__Exercise prompt__: Transcribe the records below exactly as they appear, omitting any pictures.

──────────

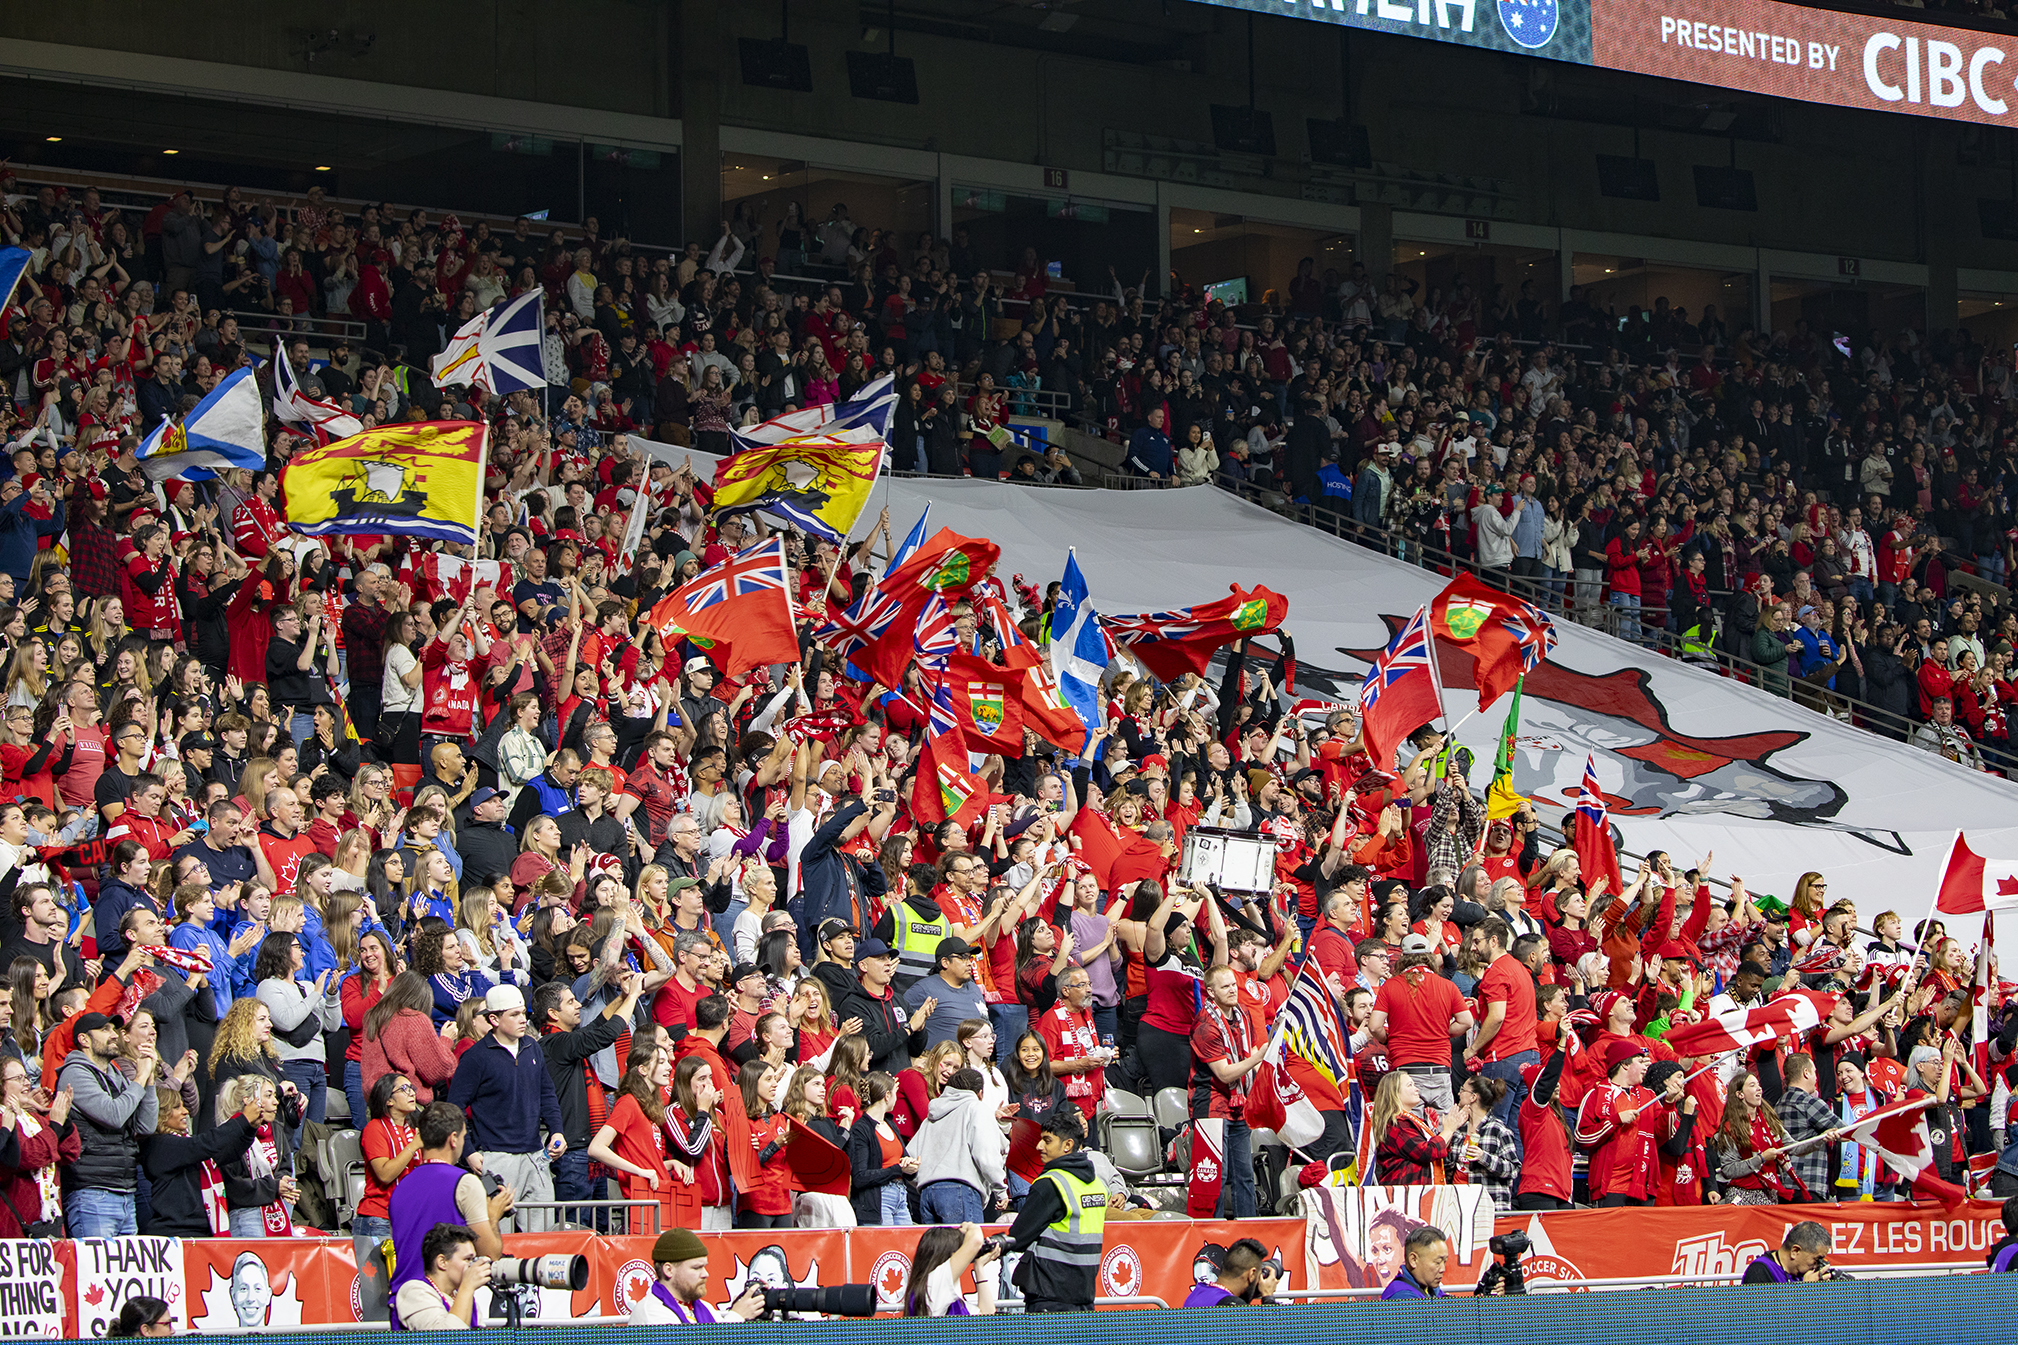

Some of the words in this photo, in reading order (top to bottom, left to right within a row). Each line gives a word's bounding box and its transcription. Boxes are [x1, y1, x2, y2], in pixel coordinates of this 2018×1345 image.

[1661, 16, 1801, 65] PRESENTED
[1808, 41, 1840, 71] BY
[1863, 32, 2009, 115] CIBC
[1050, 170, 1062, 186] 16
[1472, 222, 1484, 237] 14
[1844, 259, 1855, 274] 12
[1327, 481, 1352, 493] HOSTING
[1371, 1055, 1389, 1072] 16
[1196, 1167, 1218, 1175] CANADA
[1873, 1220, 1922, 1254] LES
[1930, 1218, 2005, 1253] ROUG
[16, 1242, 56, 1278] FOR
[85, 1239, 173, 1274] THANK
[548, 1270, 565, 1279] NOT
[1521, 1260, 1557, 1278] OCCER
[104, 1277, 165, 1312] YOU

──────────

__Answer__:
Some of the words in this photo, in reading order (top to bottom, left to right within a row). Each line gives a word's bounding box and its transcription. Boxes are [x1, y1, x2, y2], in pixel coordinates of this 2018×1345 image.

[1661, 16, 1801, 65] PRESENTED
[1808, 41, 1840, 71] BY
[1863, 32, 2009, 115] CIBC
[1050, 170, 1062, 186] 16
[1472, 222, 1484, 237] 14
[1844, 259, 1855, 274] 12
[1327, 481, 1352, 493] HOSTING
[1371, 1055, 1389, 1072] 16
[1196, 1167, 1218, 1175] CANADA
[1873, 1220, 1922, 1254] LES
[1930, 1218, 2005, 1253] ROUG
[16, 1242, 56, 1278] FOR
[85, 1239, 173, 1274] THANK
[548, 1270, 565, 1279] NOT
[1521, 1260, 1557, 1278] OCCER
[104, 1277, 165, 1312] YOU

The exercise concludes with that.